How many lines below hold "nicht"? Answer with only the number.

** Opening DATA FOR THIS TASK block **

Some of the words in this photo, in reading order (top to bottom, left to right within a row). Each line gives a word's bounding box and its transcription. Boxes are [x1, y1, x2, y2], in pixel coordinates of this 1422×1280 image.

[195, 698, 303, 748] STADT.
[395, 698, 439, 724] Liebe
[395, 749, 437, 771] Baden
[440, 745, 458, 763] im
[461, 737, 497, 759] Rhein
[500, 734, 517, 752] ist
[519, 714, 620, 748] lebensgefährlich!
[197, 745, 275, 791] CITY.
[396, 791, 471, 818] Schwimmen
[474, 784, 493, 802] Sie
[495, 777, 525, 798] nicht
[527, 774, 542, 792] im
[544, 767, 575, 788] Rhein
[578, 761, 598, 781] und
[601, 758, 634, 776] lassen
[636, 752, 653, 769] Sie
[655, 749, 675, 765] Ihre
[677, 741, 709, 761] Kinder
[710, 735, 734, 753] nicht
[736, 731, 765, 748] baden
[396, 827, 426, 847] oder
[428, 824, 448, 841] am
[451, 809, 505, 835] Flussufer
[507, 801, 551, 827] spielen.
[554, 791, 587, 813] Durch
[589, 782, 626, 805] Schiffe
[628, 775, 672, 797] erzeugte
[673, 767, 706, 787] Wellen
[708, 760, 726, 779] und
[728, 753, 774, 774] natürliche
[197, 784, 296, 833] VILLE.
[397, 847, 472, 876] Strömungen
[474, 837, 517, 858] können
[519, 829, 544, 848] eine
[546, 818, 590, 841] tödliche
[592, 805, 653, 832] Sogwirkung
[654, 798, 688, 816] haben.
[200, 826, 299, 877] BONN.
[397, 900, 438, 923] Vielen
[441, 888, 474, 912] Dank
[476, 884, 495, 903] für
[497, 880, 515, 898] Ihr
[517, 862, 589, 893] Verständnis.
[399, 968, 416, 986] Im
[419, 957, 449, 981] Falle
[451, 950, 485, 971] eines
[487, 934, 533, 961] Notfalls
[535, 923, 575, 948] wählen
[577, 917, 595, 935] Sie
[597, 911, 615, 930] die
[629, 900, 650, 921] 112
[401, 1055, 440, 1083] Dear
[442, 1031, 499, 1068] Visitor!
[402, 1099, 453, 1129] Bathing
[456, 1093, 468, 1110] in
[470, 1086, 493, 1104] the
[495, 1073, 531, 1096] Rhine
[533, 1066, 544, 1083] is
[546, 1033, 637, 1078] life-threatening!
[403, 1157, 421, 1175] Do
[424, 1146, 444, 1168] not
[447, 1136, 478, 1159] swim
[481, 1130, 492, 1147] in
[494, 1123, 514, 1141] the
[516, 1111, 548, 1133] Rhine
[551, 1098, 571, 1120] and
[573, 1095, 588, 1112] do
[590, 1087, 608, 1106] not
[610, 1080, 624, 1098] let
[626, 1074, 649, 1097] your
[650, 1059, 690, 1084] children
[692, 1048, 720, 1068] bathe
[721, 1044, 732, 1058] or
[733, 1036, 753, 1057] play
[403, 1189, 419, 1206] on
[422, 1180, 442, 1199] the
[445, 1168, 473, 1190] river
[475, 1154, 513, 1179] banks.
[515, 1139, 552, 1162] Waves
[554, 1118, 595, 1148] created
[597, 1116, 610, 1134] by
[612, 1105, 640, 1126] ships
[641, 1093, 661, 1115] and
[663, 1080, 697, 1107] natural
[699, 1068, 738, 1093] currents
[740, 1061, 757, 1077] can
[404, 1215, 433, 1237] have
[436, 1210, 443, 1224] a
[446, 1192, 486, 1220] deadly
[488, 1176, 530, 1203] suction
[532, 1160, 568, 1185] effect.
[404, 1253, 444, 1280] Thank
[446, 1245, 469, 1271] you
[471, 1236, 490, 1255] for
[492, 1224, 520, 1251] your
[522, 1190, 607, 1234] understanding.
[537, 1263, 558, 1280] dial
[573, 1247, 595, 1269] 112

** Closing DATA FOR THIS TASK block **

* **RESULT OF THE TASK**: 2